Opening at the Grand on September 5, Greg Kotis’s Urinetown is the story of a dire little city facing a water shortage – nodding in no small part to the iconoclastic world of Fritz Lang’s Metropolis. With the city’s reliance on a single company’s public pay toilets, a revolution is inevitable. It’s a large, collaborative effort between Ground Zero and newcomer Hit & Myth, and it’s a full-fledged musical – the kind that tugs at the nostalgia of artistic director Ryan Luhning.

"I played Orin the Dentist in Little Shop of Horrors many, many moons ago," he says. "I have always wanted to do a musical at GZT, and Urinetown is perfect. With Hit & Myth involved, it was able to become a reality."
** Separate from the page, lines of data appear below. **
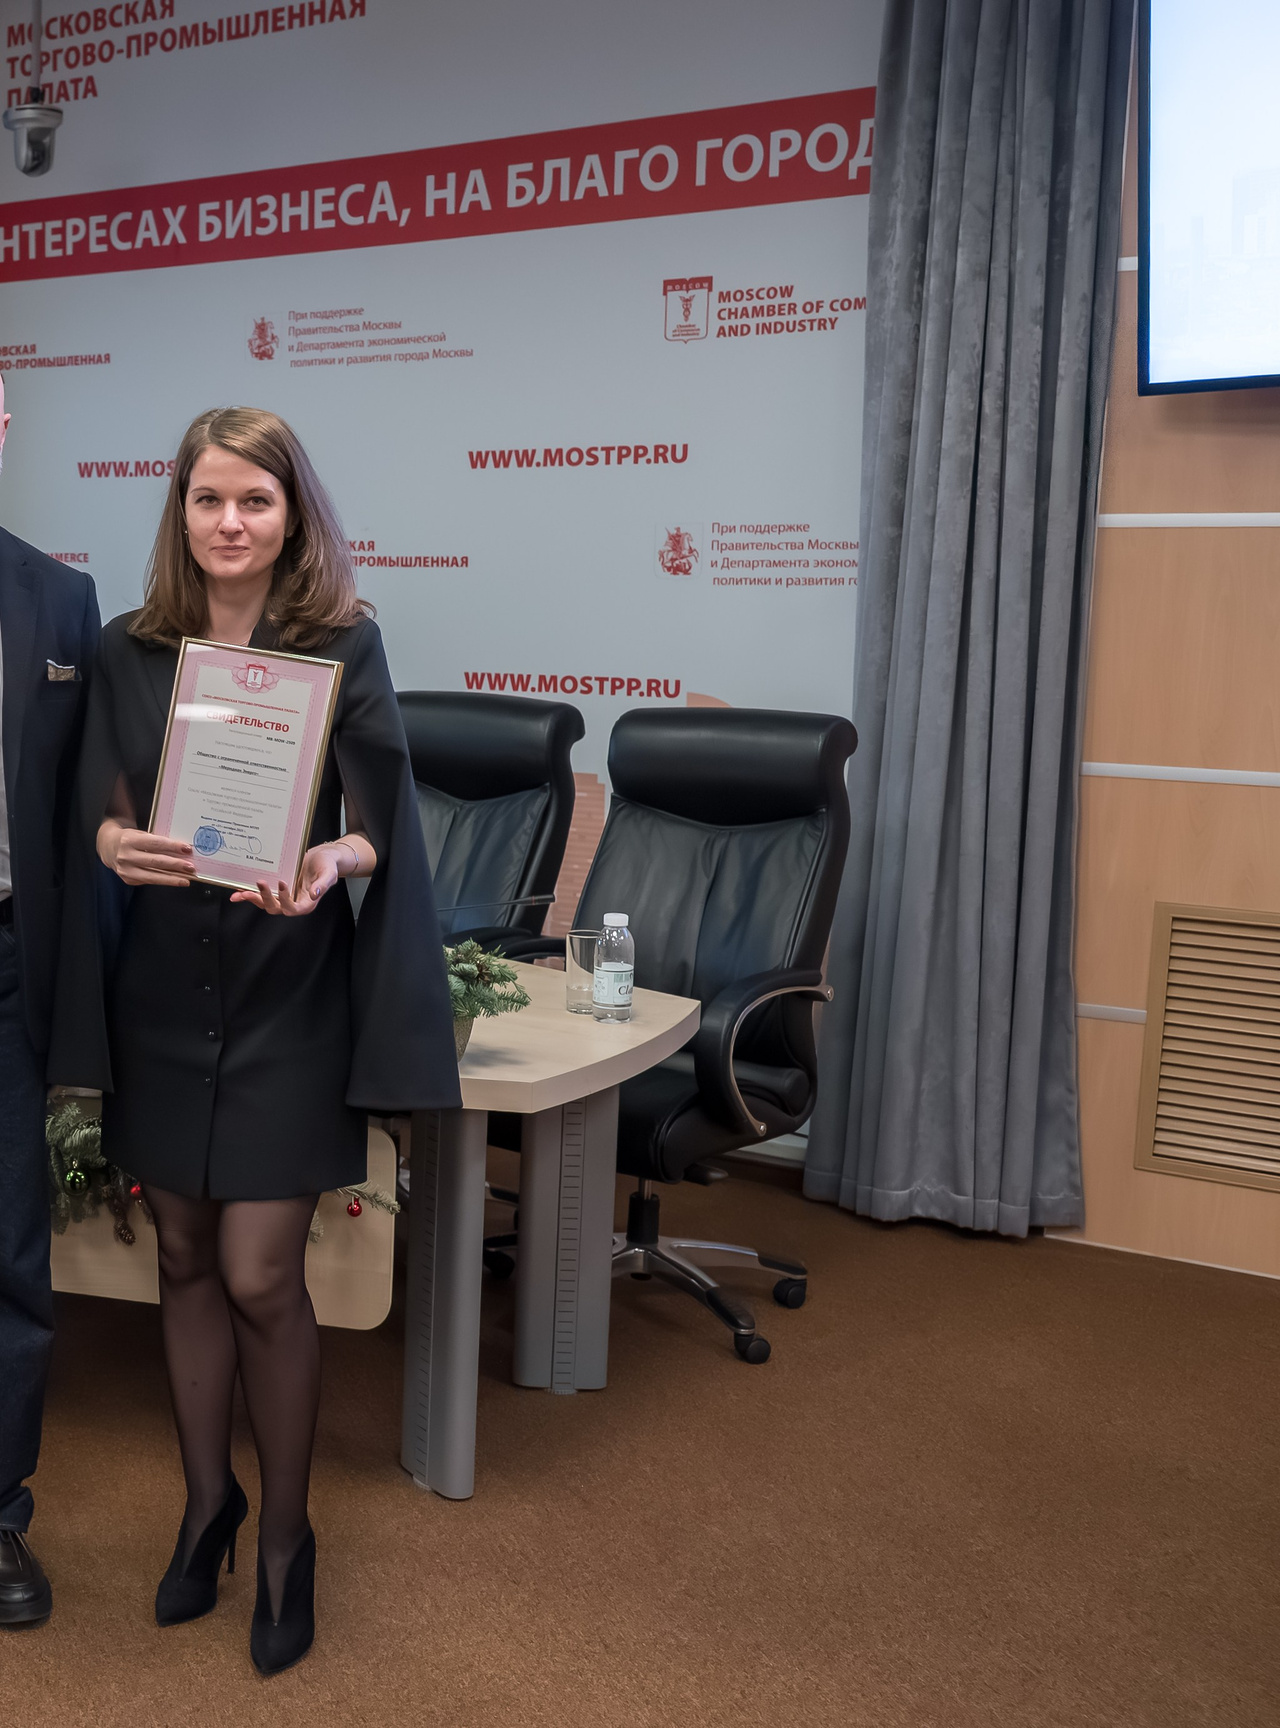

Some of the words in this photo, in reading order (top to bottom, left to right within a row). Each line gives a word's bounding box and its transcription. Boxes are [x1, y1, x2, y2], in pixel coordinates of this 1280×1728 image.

[198, 181, 410, 243] БИЗНЕСА,
[425, 169, 492, 217] НА
[507, 144, 679, 208] БЛАГО
[718, 285, 794, 303] MOSCOW
[288, 310, 308, 322] При
[309, 307, 365, 320] поддержке
[717, 302, 798, 321] CHAMBER
[802, 300, 825, 314] OF
[288, 325, 360, 338] Правительства
[362, 320, 402, 331] Москвы
[716, 323, 751, 338] AND
[755, 317, 839, 335] INDUSTRY
[288, 344, 294, 352] и
[296, 340, 365, 353] Департамента
[367, 332, 446, 348] экономической
[290, 356, 335, 368] политики
[338, 356, 344, 364] и
[346, 353, 392, 366] развития
[394, 351, 430, 363] города
[432, 348, 474, 359] Москвы
[468, 443, 689, 469] WWW.MOSTPP.RU
[711, 522, 736, 535] При
[740, 523, 810, 535] поддержке
[711, 540, 804, 553] Правительства
[808, 539, 859, 550] Москвы
[710, 559, 718, 568] и
[721, 557, 810, 570] Департамента
[713, 577, 771, 586] политики
[775, 577, 782, 585] и
[786, 577, 845, 588] развития
[463, 671, 681, 699] WWW.MOSTPP.RU
[207, 711, 290, 732] СВИДЕТЕЛЬСТВО
Following its foray into popular bathroom uprising, starting November 16, Ground Zero will be revisiting local actress and playwright Lindsay Burns’s Dough: The Politics of Martha Stewart, a one-woman piece that spins its nine characters around the eponymous and infamous home improvement maven. From its creation at Theatre Junction’s Random Acts Festival, to Ground Zero’s recently created second-stage showcase, Groundbreakers, this production will mark the third time that Calgary audiences have seen Burns’s stab at the notion of the pop culture drive to "have it all."
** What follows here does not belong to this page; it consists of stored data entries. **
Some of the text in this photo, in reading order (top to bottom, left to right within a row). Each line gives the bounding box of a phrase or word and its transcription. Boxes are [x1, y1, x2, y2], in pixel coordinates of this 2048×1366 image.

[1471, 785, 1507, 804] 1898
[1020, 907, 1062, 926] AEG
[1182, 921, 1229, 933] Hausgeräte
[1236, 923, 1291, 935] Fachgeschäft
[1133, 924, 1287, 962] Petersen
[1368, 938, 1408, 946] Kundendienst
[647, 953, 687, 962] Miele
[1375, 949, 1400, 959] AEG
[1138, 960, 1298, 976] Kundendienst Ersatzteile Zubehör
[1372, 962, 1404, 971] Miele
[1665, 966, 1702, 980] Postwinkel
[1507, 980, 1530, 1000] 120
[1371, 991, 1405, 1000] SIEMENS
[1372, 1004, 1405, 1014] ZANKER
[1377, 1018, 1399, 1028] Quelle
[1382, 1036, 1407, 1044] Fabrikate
Marking Ground Zero’s second collaboration with Hit & Myth, The Pillowman wades into darker waters, with its look at a police interrogation under a totalitarian state.

"I saw The Pillowman twice in New York last summer," says Luhning. "I broke my neck to get the rights to it. I have never seen a play that affected an audience so much on so many different levels."

Oscillating between dark humour and the genuinely disturbing, British playwright Martin McDonagh received the 2004 Olivier Award after the play’s 2003 première, in New York with Jeff Goldblum in 2005. The play will open in Calgary at Vertigo’s Studio Theatre on March 8.

Finally, reversing its usual position in the season, Ground Zero, along with The Blacklist Theatre Project, FireBelly Theatre and the University of Calgary Department of Drama, will present the sixth annual alumni show on May 2. This year, Claudia Dey’s Trout Stanley will bring a cast of eccentric characters to the Reeve Theatre, including a pair of fraternal twins celebrating their 30th birthday, just as a stripper/Scrabble champion goes missing, and the titular drifter who arrives in a police uniform.

From the wet to the eccentric, the doughy to the dark, Ground Zero Theatre promises to wade deeply through the 2006-07 season.

Ground Zero’s 2006-07 Groundbreakers lineup, running at the Pumphouse Theatres, will not be announced until September.